DATA FOR ANALYSIS:
============

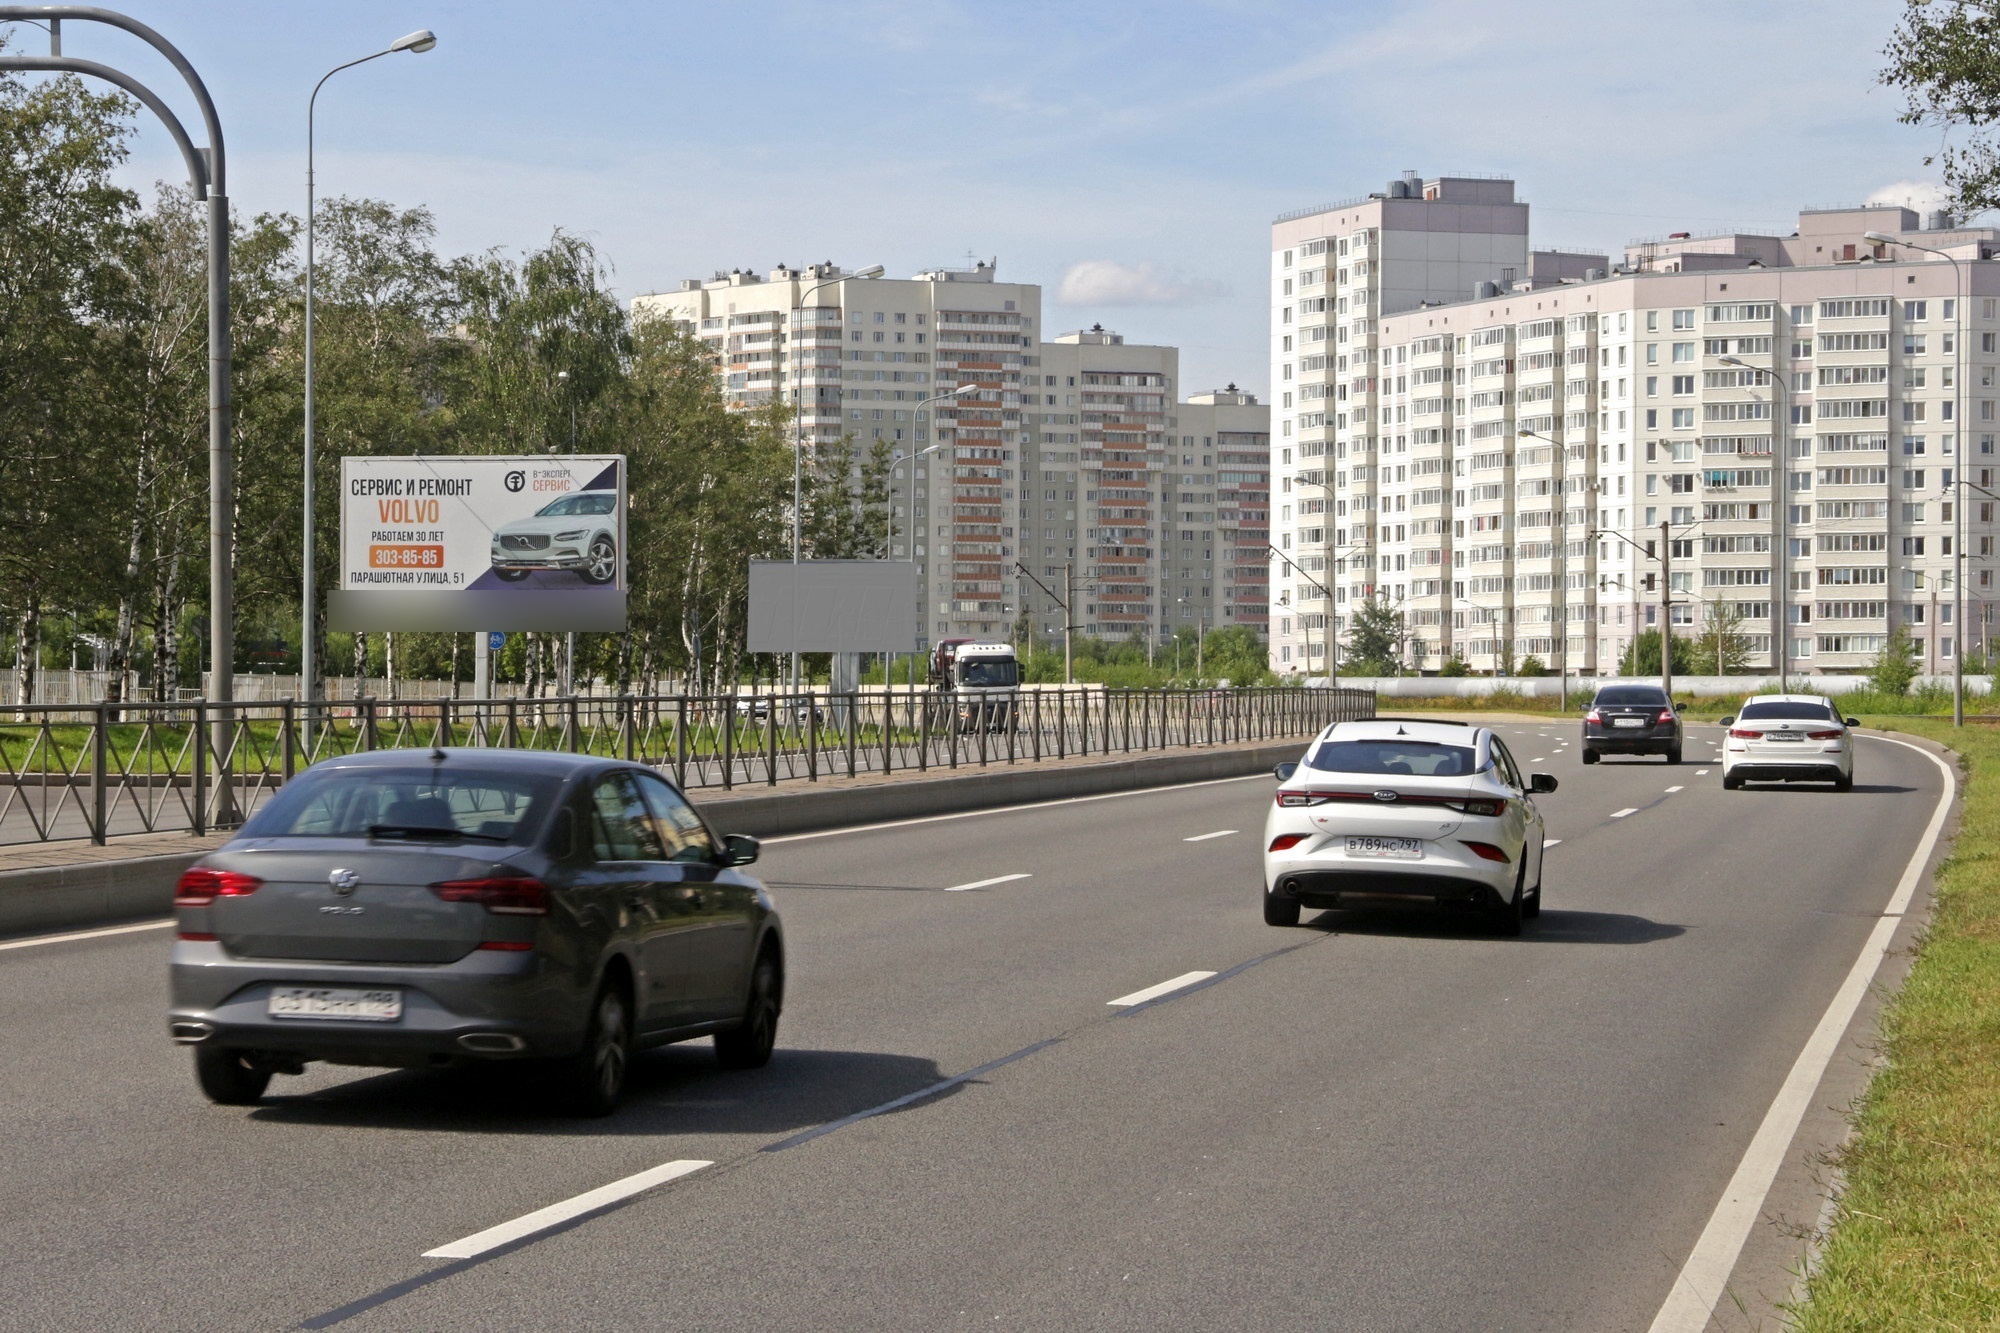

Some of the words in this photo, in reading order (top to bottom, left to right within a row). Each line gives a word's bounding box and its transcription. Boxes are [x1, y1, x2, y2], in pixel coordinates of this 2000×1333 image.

[351, 479, 403, 496] СЕРВИС
[406, 479, 415, 496] И
[419, 479, 472, 496] РЕМОНТ
[533, 480, 570, 491] СЕРВИС
[379, 499, 439, 523] VOLVO
[371, 531, 414, 542] РАБОТАЕМ
[416, 531, 426, 541] 30
[428, 531, 444, 541] ЛЕТ
[375, 549, 438, 565] 303-85-85
[350, 572, 414, 584] ПАРАШЮТНАЯ
[416, 572, 451, 585] УЛИЦА,
[453, 572, 465, 583] 51
[1399, 839, 1418, 850] 797

============

WORK ORDER: Your task is to repeat the listing exactly while omitting its pictures.

RESULT BELOW:
Some of the words in this photo, in reading order (top to bottom, left to right within a row). Each line gives a word's bounding box and its transcription. Boxes are [x1, y1, x2, y2], in pixel coordinates of this 2000×1333 image.

[351, 479, 403, 496] СЕРВИС
[406, 479, 415, 496] И
[419, 479, 472, 496] РЕМОНТ
[533, 480, 570, 491] СЕРВИС
[379, 499, 439, 523] VOLVO
[371, 531, 414, 542] РАБОТАЕМ
[416, 531, 426, 541] 30
[428, 531, 444, 541] ЛЕТ
[375, 549, 438, 565] 303-85-85
[350, 572, 414, 584] ПАРАШЮТНАЯ
[416, 572, 451, 585] УЛИЦА,
[453, 572, 465, 583] 51
[1399, 839, 1418, 850] 797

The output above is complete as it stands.